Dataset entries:
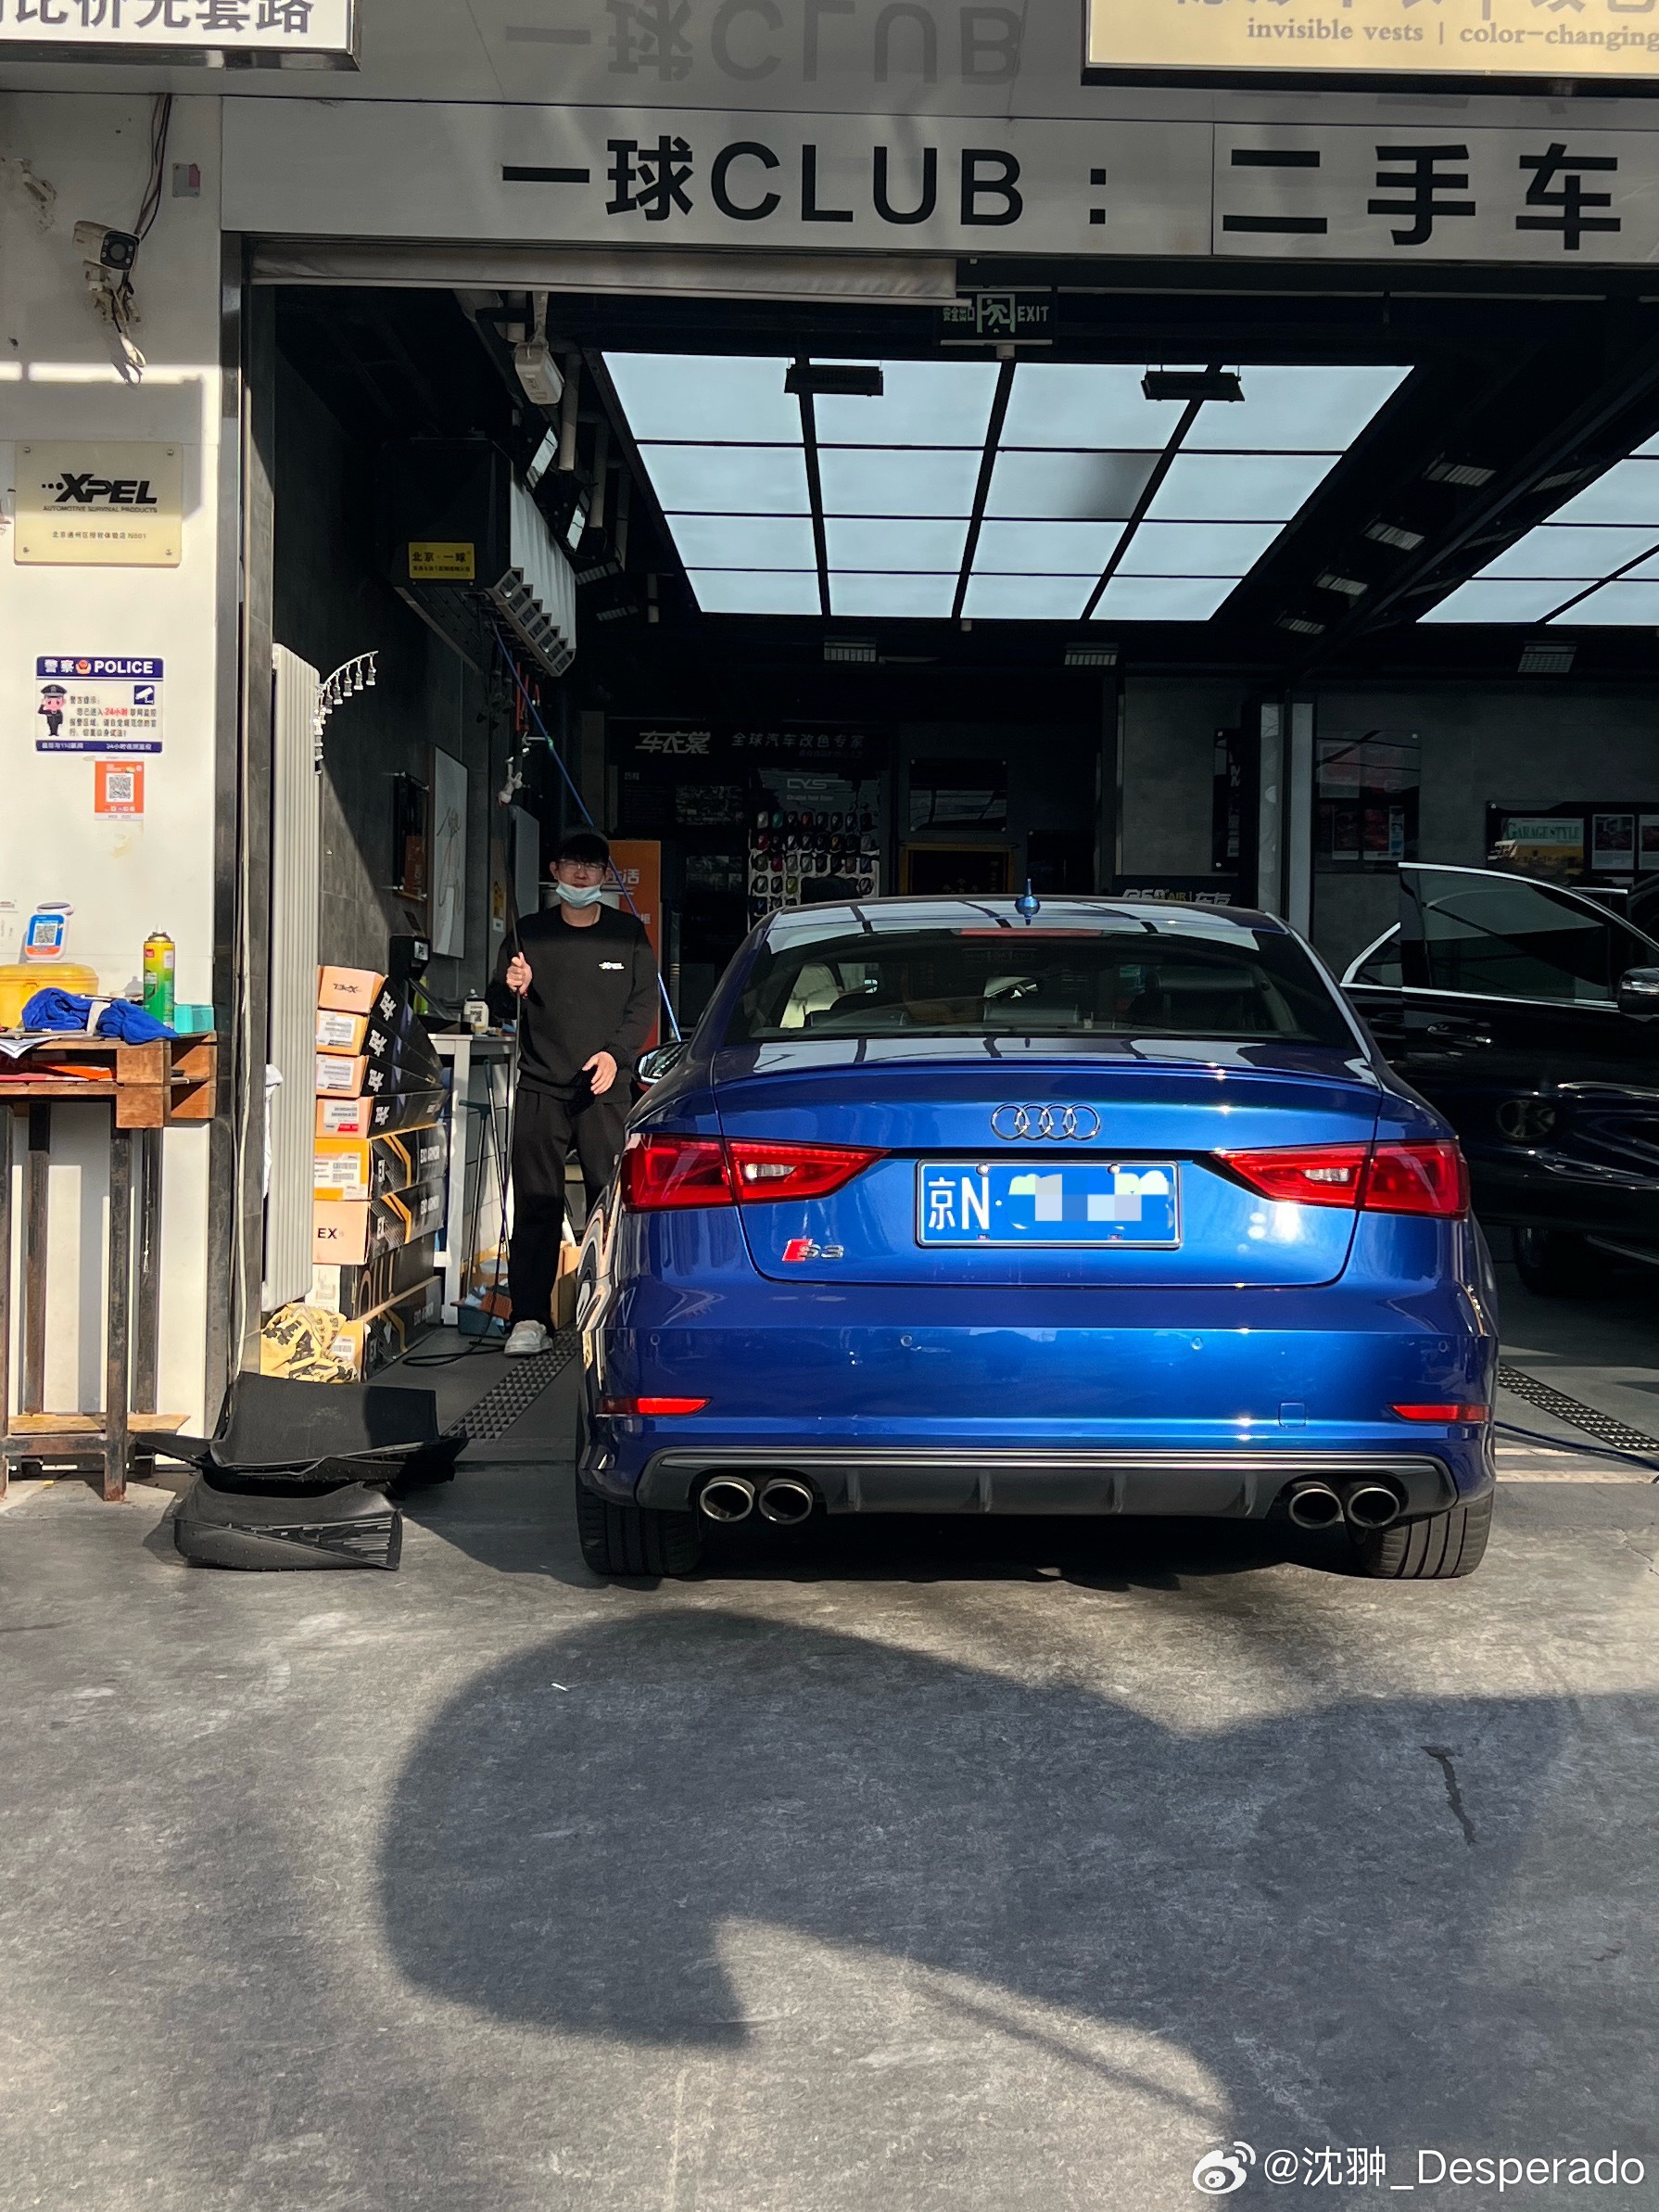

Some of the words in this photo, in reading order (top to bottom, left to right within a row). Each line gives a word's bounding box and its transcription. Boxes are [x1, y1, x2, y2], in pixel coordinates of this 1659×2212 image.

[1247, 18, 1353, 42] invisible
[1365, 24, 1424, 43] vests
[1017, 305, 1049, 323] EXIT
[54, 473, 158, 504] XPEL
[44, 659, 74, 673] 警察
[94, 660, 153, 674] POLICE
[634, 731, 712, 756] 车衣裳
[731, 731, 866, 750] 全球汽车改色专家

[TO DO]
Only an exact copy of the records counts as an answer. Leave out the images.

[REPLY]
Some of the words in this photo, in reading order (top to bottom, left to right within a row). Each line gives a word's bounding box and its transcription. Boxes are [x1, y1, x2, y2], in pixel coordinates of this 1659×2212 image.

[1247, 18, 1353, 42] invisible
[1365, 24, 1424, 43] vests
[1017, 305, 1049, 323] EXIT
[54, 473, 158, 504] XPEL
[44, 659, 74, 673] 警察
[94, 660, 153, 674] POLICE
[634, 731, 712, 756] 车衣裳
[731, 731, 866, 750] 全球汽车改色专家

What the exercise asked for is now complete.